An exact copy of every line from the one holding "this 1200×1800 image." to the end of the entries below is required; leave the pictures out.

Saved entries:
------------------------------------
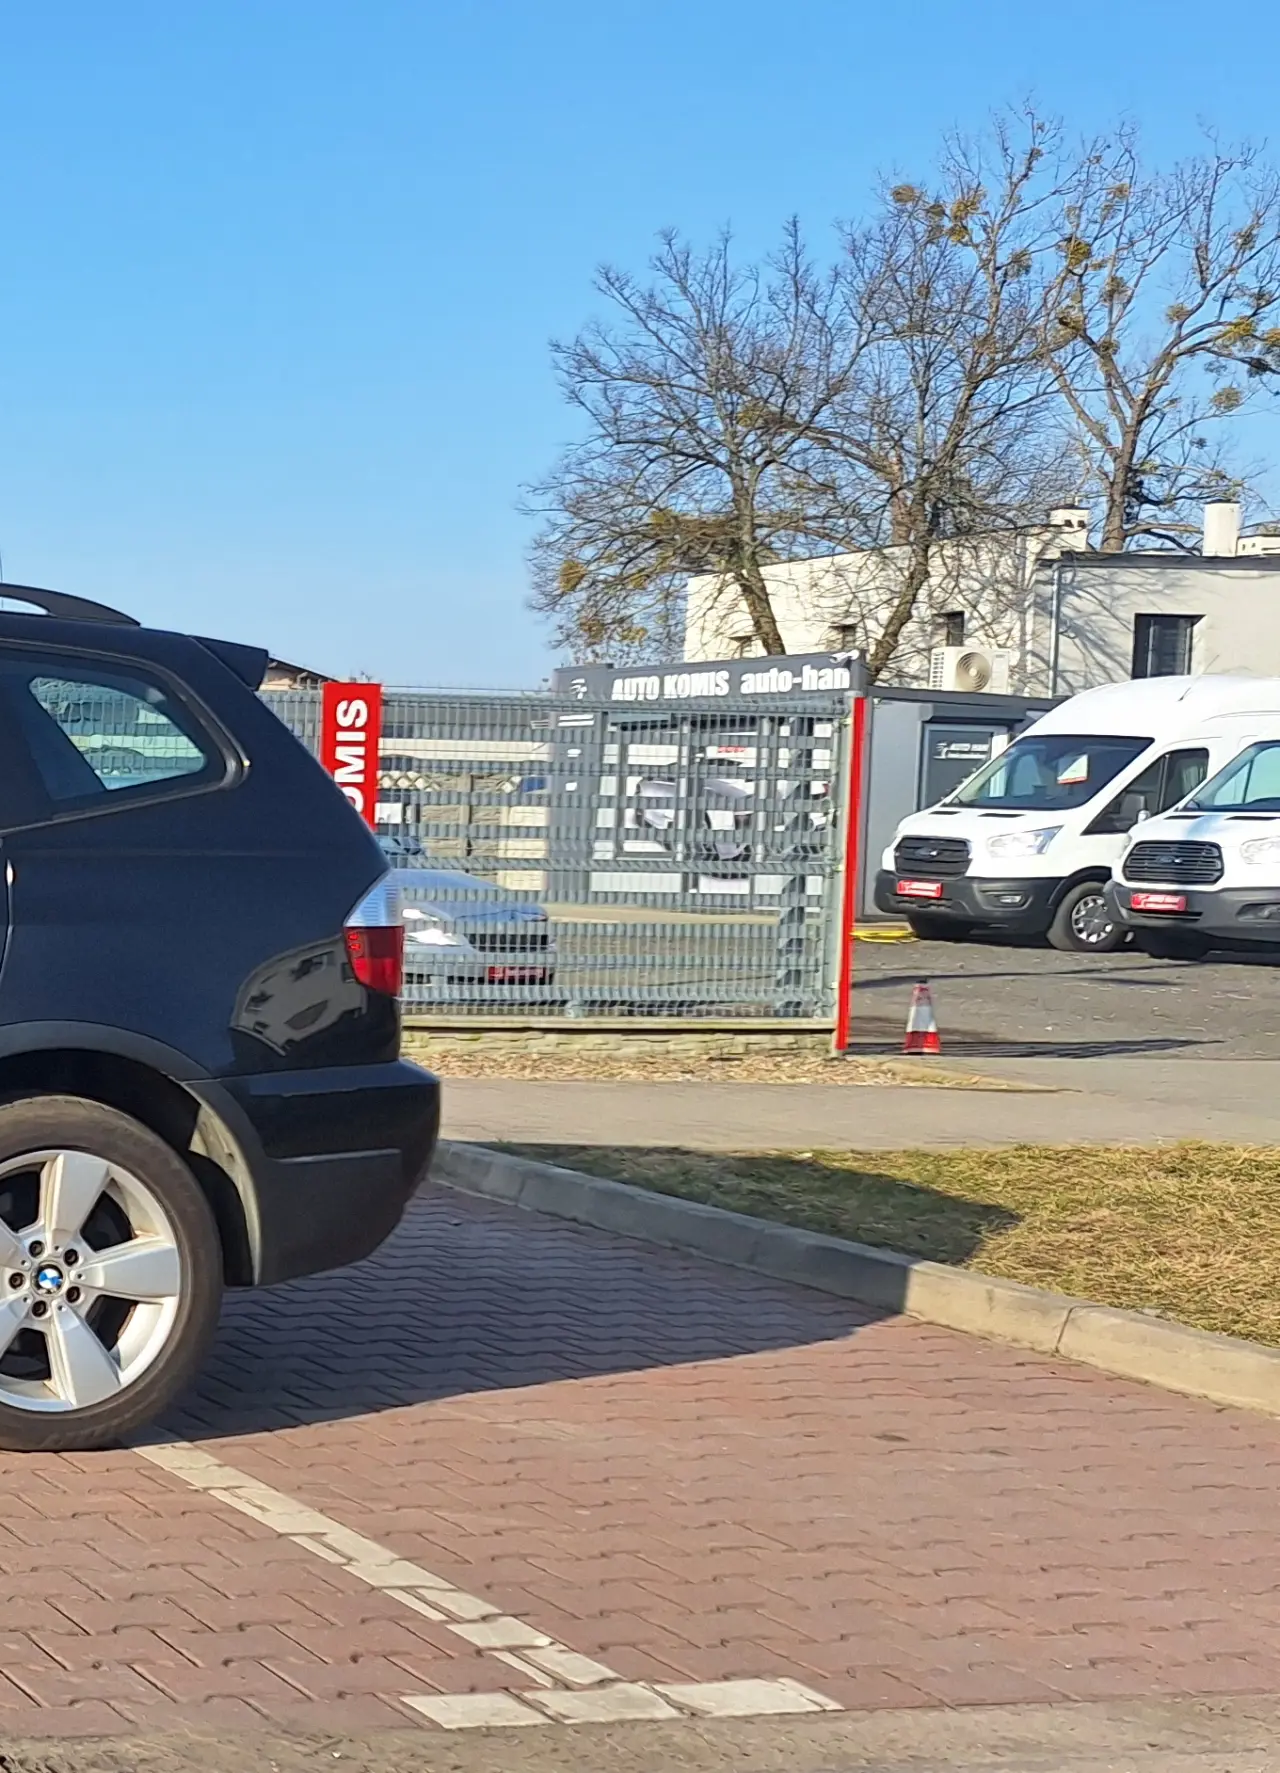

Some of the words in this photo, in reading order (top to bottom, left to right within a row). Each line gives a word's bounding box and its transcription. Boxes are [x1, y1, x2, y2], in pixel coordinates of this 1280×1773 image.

[611, 676, 660, 700] AUTO
[663, 670, 730, 699] KOMIS
[740, 664, 850, 694] auto-han
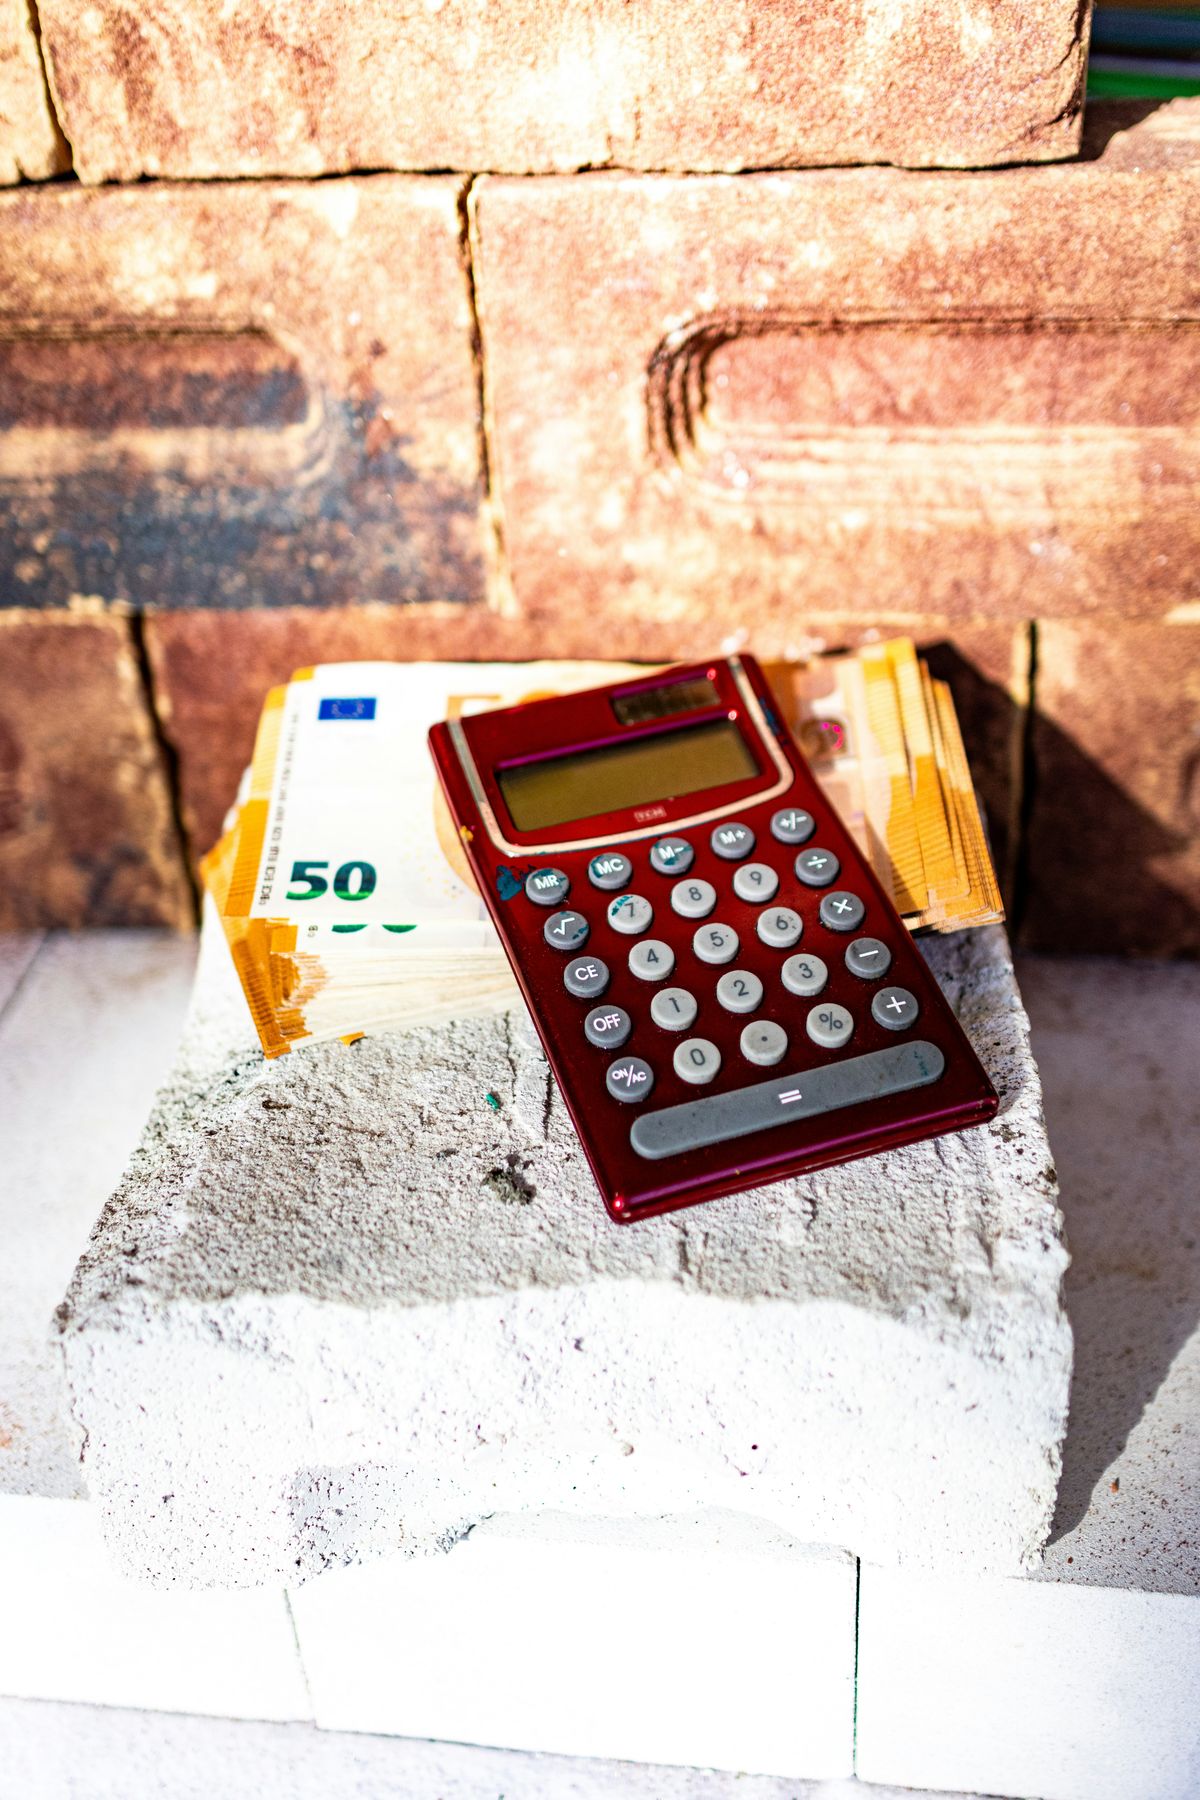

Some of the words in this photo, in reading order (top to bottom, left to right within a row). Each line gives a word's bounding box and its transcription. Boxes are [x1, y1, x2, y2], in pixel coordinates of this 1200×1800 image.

[285, 860, 377, 901] 50
[534, 875, 560, 890] MR
[597, 858, 624, 875] MC
[719, 829, 746, 844] M+
[624, 902, 634, 918] 7
[688, 886, 702, 901] 8
[750, 871, 762, 885] 9
[575, 964, 598, 981] CE
[647, 948, 659, 964] 4
[710, 931, 724, 947] 5
[776, 915, 788, 930] 6
[593, 1013, 621, 1032] OFF
[668, 997, 681, 1013] 1
[733, 979, 749, 997] 2
[798, 963, 813, 979] 3
[690, 1048, 706, 1066] 0
[819, 1011, 843, 1031] %
[886, 996, 906, 1014] +
[778, 1089, 802, 1105] =
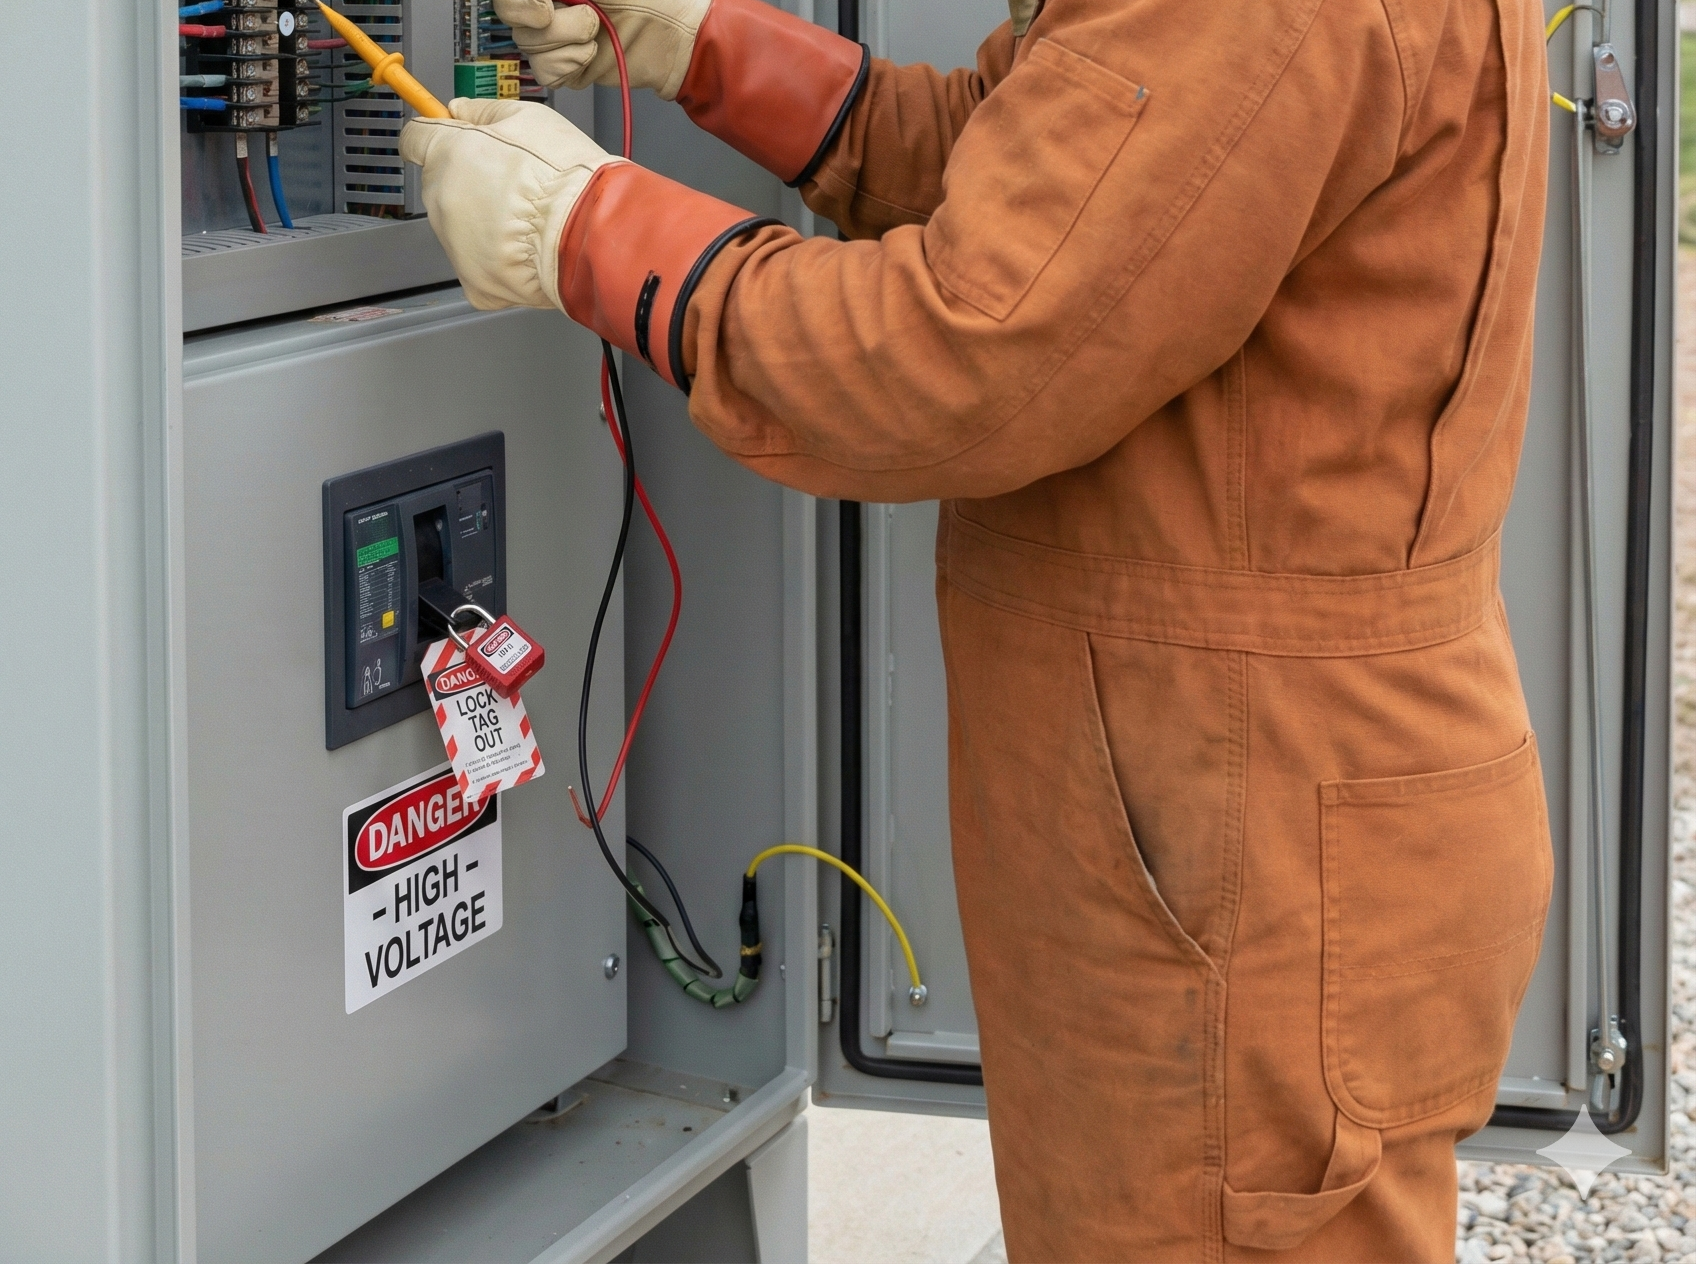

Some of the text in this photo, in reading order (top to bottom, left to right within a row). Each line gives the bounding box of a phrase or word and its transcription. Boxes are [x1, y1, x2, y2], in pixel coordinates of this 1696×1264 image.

[456, 687, 499, 717] LOCK
[468, 708, 500, 734] TAG
[474, 727, 505, 753] OUT
[364, 889, 487, 989] VOLTAGE
------------------------------------
● Exercise answer
Some of the words in this photo, in reading order (top to bottom, left to right within a row). Each line gives a word's bounding box and its transcription. Boxes are [x1, y1, x2, y2], in pixel coordinates of this 1200×1800 image.

[285, 860, 377, 901] 50
[534, 875, 560, 890] MR
[597, 858, 624, 875] MC
[719, 829, 746, 844] M+
[624, 902, 634, 918] 7
[688, 886, 702, 901] 8
[750, 871, 762, 885] 9
[575, 964, 598, 981] CE
[647, 948, 659, 964] 4
[710, 931, 724, 947] 5
[776, 915, 788, 930] 6
[593, 1013, 621, 1032] OFF
[668, 997, 681, 1013] 1
[733, 979, 749, 997] 2
[798, 963, 813, 979] 3
[690, 1048, 706, 1066] 0
[819, 1011, 843, 1031] %
[886, 996, 906, 1014] +
[778, 1089, 802, 1105] =

Some of the text in this photo, in reading order (top to bottom, left to right within a row). Each line gives the bounding box of a phrase or word and its transcription. Boxes are [x1, y1, x2, y2], in pixel coordinates of this 1696×1264 image.

[456, 687, 499, 717] LOCK
[468, 708, 500, 734] TAG
[474, 727, 505, 753] OUT
[364, 889, 487, 989] VOLTAGE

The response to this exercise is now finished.